Publicado el 24 de abr de 2013 8:27 am |

  comentarios

Video: Euronews 24 / 4 / 2013

(Pekín, 24 de abril. EFE) - Un nuevo episodio de violencia en la región noroccidental china de Xinjiang ha dejado 21 muertos y diversos heridos en un enfrentamiento entre autoridades y ciudadanos cerca de la ciudad de Kashgar, principal urbe de la etnia uigur, musulmanes de origen turcomano y frecuentemente enfrentados a la etnia han.

El incidente ocurrió en la tarde del martes en el pueblo de Banchu, cerca de la ciudad de Kashgar, cuando varios funcionarios irrumpieron en una vivienda de un residente local en busca de “armas” y donde hallaron “individuos sospechosos”, según informó hoy el Gobierno local.

Entonces, destaca la información oficial, y después de que alertaran de lo ocurrido a sus superiores, “las autoridades fueron secuestradas” por esos sospechosos que permanecían escondidos en la residencia.

Al llegar un nuevo dispositivo de Policías al lugar se desató un tiroteo entre éstos y los civiles, supuestamente de etnia uigur, lo que resultó en la muerte de quince agentes de las fuerzas del orden y de seis de los sospechosos, supuestos “miembros de una banda” según precisan las autoridades.

También denuncian todo tipo de “represiones religiosas y culturales”.

El Gobierno local también confirma que dos personas resultaron heridas y que la policía pudo detener a ocho presuntos sospechosos tras el tiroteo, de los que no han trascendido más datos por el momento.

La portavoz china del Ministerio de Asuntos Exteriores, Hua Chunying, calificó hoy en su rueda de prensa diaria el suceso de “violencia terrorista” y confirmó que se había abierto una investigación para aclarar lo ocurrido.

También detalló que diez de los funcionarios fallecidos eran de etnia uigur, tres de etnia han -la mayoritaria en China- y dos eran mongoles.

Hua además confirmó que la situación actual en la región es “estable”, “aunque haya gente que intenta perturbar la paz” en la zona, en referencia a los grupos musulmanes extremistas, de etnia uigur, que, según Pekín, actúan en la región.
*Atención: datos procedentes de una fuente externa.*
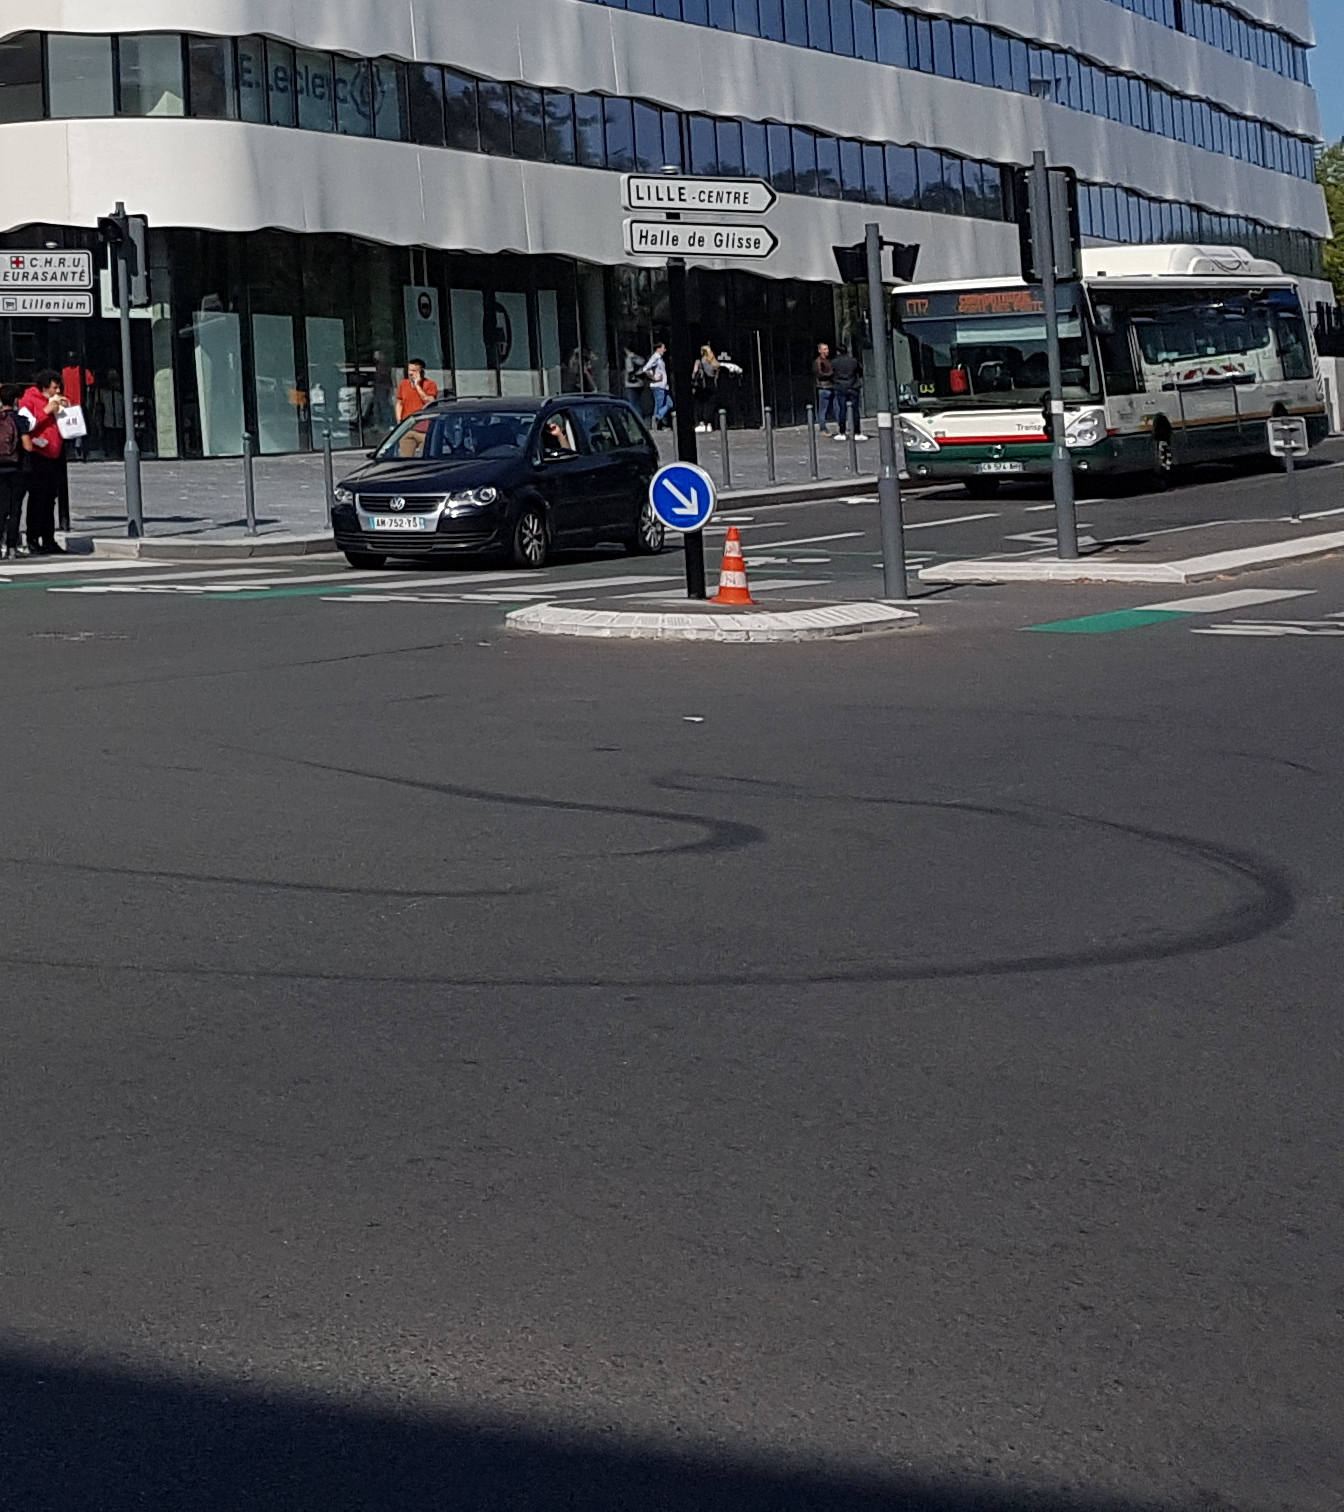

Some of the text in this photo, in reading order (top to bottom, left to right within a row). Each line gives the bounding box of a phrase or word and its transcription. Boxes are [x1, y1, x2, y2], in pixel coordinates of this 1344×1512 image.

Xinjiang es uno de los polvorines étnicos del oeste de China junto al Tíbet, donde convive una población divida entre la principal comunidad musulmana, de etnia uigur -emparentada con los pueblos de Asia Central-, la mayoría de colonos chinos de etnia Han y las fuerzas de seguridad del Gobierno, entre los que se producen frecuentemente enfrentamientos.
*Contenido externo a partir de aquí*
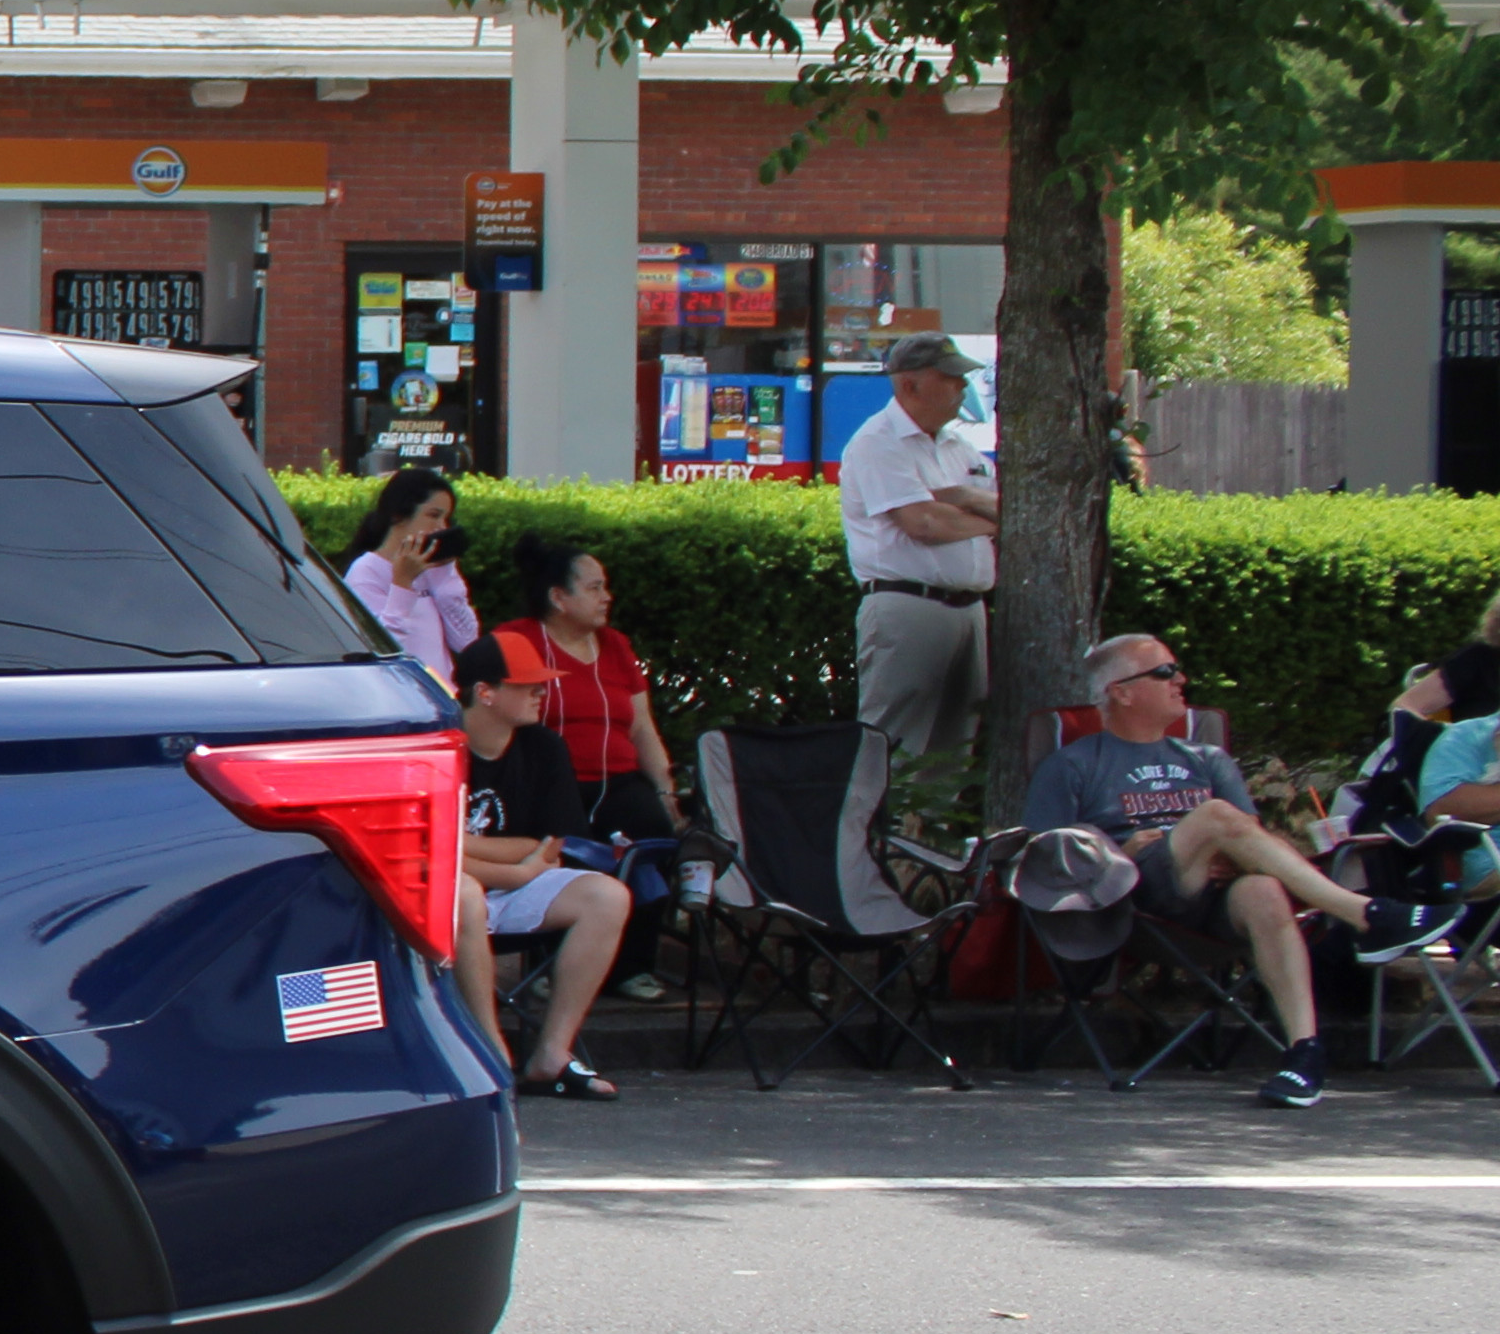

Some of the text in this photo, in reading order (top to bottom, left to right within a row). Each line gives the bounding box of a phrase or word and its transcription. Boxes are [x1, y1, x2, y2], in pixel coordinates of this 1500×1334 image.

[136, 164, 182, 180] Gulf
[476, 199, 532, 210] Pay at the
[476, 211, 527, 223] speed of
[476, 224, 505, 235] right
[389, 421, 445, 432] PREMIUM
[378, 432, 455, 445] CIGARS SOLD
[399, 445, 433, 457] HERE
[661, 463, 756, 483] LOTTERY
Mientras que Pekín defiende un mayor control en la región para hacer frente a los citados “grupos de musulmanes extremistas”, los residentes de etnia uigur critican ese aumento de presencia policial en la región y las discriminaciones que sufren respecto a la población de etnia han -mayoritaria en el país asiático-.

También denuncian todo tipo de “represiones religiosas y culturales”.

Tanto en el Tíbet como en Xinjiang, el Gobierno chino trata de zanjar los conflictos étnicos mediante la inversión en estas regiones.

En el caso de Xinjiang, Pekín destaca sus planes contra la pobreza en la región, una circunstancia que, defiende, avivan los conflictos.

Hace tan sólo cuatro años, en 2009, Xinjiang fue el centro del peor conflicto étnico en China de las últimas décadas, cuando diversas protestas de uigures en las principales calles de Urumqi, la capital regional, se tornaron en violentos ataques contra inmigrantes chinos de la etnia han y provocaron la muerte de 200 personas.

En días posteriores a estas revueltas, la capital vivió ataques de los han a los uigures en represalia.

Tras este episodio, el Gobierno bloqueó el acceso a Internet, las llamadas telefónicas internacionales y la mensajería por móvil, argumentando que con ello intentaba garantizar la seguridad y evitar la propagación de la violencia.